*WHAT THIS TASK INVOLVES*
Please copy the records exactly as they appear, with all pictures left out.

*RECORDS FOR THIS TASK*
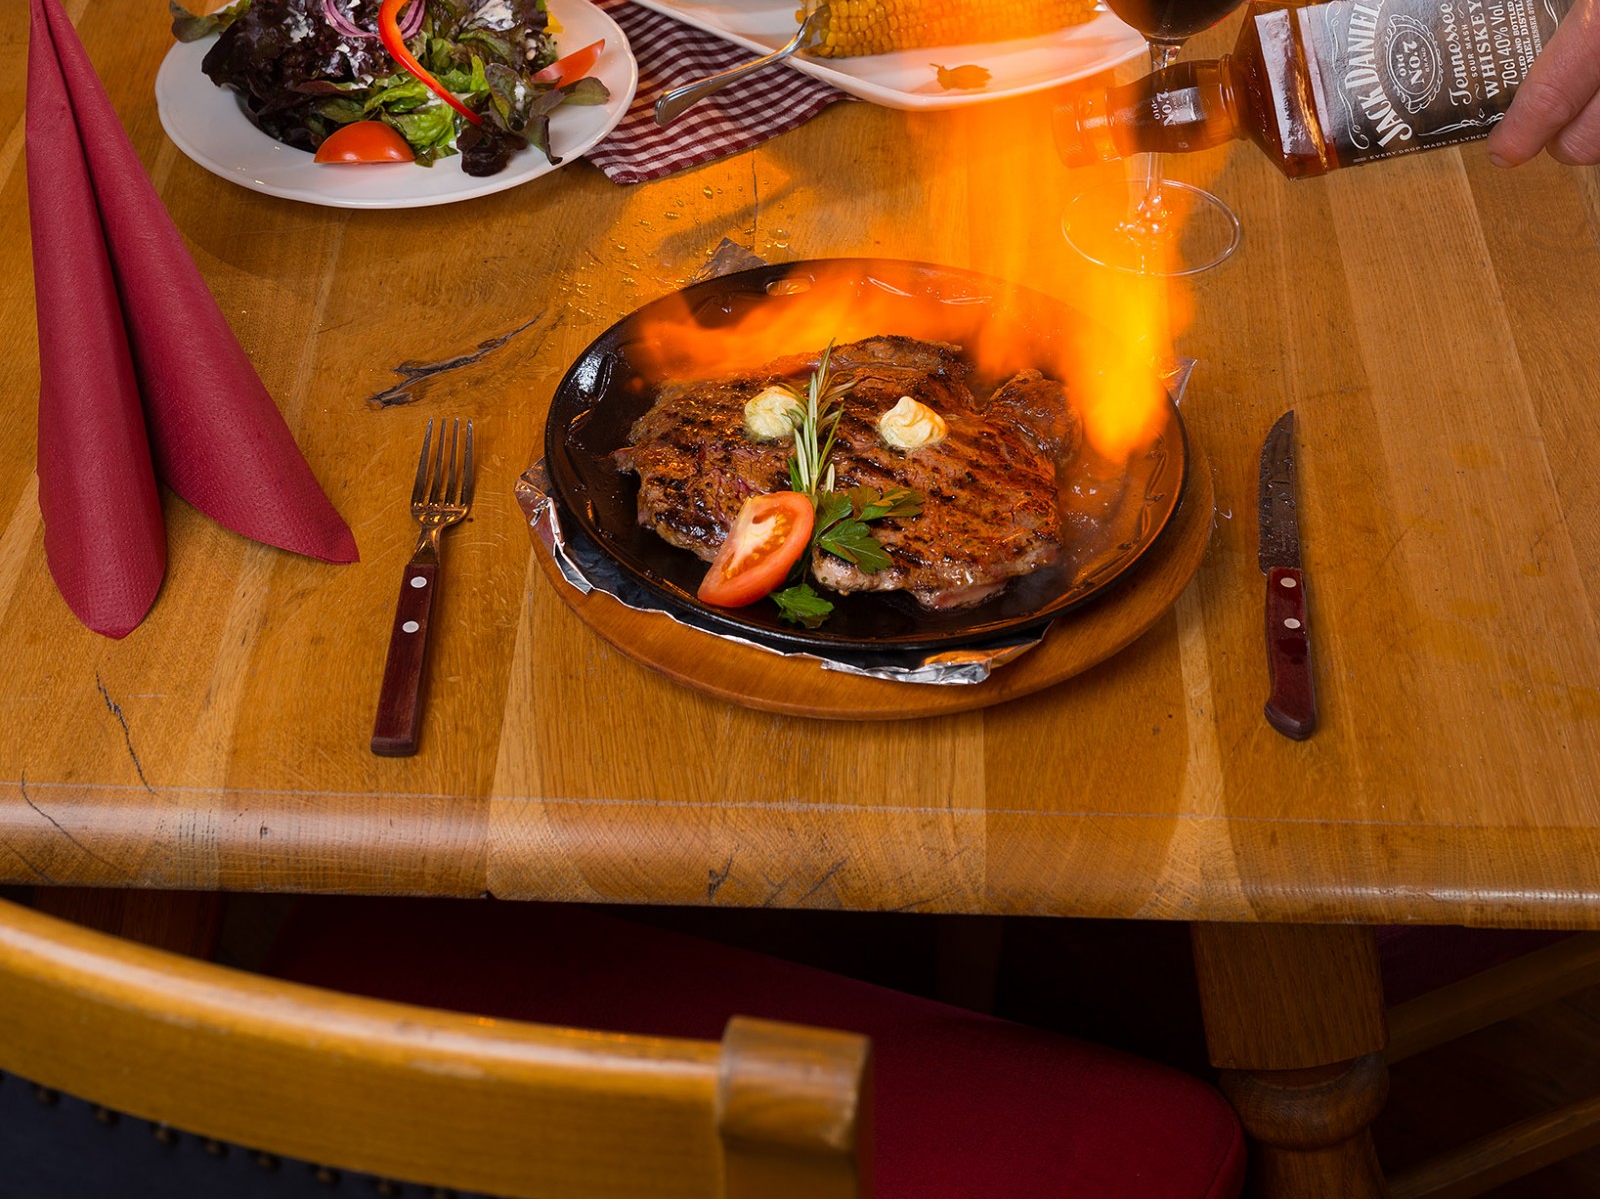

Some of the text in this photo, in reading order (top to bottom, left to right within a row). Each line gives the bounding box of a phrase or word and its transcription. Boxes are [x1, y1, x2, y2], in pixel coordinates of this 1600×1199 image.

[1507, 1, 1520, 37] BOTTLED
[1529, 15, 1543, 59] ENNESSEE
[1421, 46, 1430, 73] BRAND
[1440, 2, 1472, 106] Tennessee
[1461, 24, 1478, 78] SOUR MASH
[1467, 0, 1500, 99] WHISKEY
[1488, 1, 1519, 88] 70cl 40% Vol.
[1514, 37, 1525, 54] AND
[1357, 85, 1413, 148] JACK
[1369, 150, 1398, 160] EVERY
[1398, 146, 1421, 154] DROP
[1423, 140, 1447, 149] MADE

*WRITTEN SOLUTION*
Some of the text in this photo, in reading order (top to bottom, left to right within a row). Each line gives the bounding box of a phrase or word and its transcription. Boxes are [x1, y1, x2, y2], in pixel coordinates of this 1600×1199 image.

[1507, 1, 1520, 37] BOTTLED
[1529, 15, 1543, 59] ENNESSEE
[1421, 46, 1430, 73] BRAND
[1440, 2, 1472, 106] Tennessee
[1461, 24, 1478, 78] SOUR MASH
[1467, 0, 1500, 99] WHISKEY
[1488, 1, 1519, 88] 70cl 40% Vol.
[1514, 37, 1525, 54] AND
[1357, 85, 1413, 148] JACK
[1369, 150, 1398, 160] EVERY
[1398, 146, 1421, 154] DROP
[1423, 140, 1447, 149] MADE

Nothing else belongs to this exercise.